Deep Metric Learning (DML) plays a critical role in various machine learning tasks. However, most existing deep metric learning methods with binary similarity are sensitive to noisy labels, which are widely present in real-world data. Since these noisy labels often cause a severe performance degradation, it is crucial to enhance the robustness and generalization ability of DML. In this paper, we propose an Adaptive Hierarchical Similarity Metric Learning method. It considers two noise-insensitive information, i.e., class-wise divergence and sample-wise consistency. Specifically, class-wise divergence can effectively excavate richer similarity information beyond binary in modeling by taking advantage of Hyperbolic metric learning, while sample-wise consistency can further improve the generalization ability of the model using contrastive augmentation. More importantly, we design an adaptive strategy to integrate this information in a unified view. It is noteworthy that the new method can be extended to any pair-based metric loss. Extensive experimental results on benchmark datasets demonstrate that our method achieves state-of-the-art performance compared with current deep metric learning approaches.
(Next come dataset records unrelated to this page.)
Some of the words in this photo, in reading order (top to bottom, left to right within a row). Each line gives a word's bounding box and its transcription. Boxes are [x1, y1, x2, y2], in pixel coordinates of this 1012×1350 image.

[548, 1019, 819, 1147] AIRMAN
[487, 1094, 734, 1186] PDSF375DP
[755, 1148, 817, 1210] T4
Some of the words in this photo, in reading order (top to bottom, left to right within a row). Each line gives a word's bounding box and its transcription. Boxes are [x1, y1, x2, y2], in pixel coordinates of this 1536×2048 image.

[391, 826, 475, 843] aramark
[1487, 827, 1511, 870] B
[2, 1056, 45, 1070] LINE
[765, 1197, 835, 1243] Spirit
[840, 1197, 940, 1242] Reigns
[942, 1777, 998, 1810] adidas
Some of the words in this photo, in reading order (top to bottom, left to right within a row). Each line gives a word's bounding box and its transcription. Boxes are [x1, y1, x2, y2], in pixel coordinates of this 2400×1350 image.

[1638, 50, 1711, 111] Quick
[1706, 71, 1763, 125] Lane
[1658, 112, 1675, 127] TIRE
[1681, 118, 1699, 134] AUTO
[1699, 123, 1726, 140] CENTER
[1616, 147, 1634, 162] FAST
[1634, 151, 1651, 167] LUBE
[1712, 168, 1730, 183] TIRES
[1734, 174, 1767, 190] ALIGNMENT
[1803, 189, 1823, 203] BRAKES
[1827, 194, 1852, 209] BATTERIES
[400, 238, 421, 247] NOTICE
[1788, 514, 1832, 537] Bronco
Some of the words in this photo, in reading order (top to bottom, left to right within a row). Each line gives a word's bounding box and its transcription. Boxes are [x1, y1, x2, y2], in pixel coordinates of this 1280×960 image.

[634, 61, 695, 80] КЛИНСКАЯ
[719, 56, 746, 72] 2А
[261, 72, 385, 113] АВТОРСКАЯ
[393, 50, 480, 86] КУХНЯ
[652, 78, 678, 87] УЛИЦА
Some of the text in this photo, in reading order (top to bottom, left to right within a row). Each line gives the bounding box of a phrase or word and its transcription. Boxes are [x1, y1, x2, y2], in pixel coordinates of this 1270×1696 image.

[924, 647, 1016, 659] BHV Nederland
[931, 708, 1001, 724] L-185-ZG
深度度量学习(DML)在各种机器学习任务中起着关键作用。然而,大多数现有的基于二进制相似度的深度度量学习方法对噪声标签很敏感,而噪声标签在实际数据中普遍存在。由于这些噪声标签经常导致性能严重下降,因此增强 DML 的鲁棒性和泛化能力至关重要。在本文中,我们提出了一种自适应层次相似度量学习方法。它考虑了两种对噪声不敏感的信息,即类别差异和样本一致性。具体来说,类别差异可以利用双曲度量学习有效地挖掘出比二进制模型更丰富的相似信息,而样本一致性可以使用对比增强进一步提高模型的泛化能力。更重要的是,我们设计了一种自适应策略,将这种信息统一到一个视图中。值得注意的是,新方法可以扩展到任何基于对的度量损失。在基准数据集上的广泛实验结果表明,与当前的深度度量学习方法相比,我们的方法具有最先进的性能。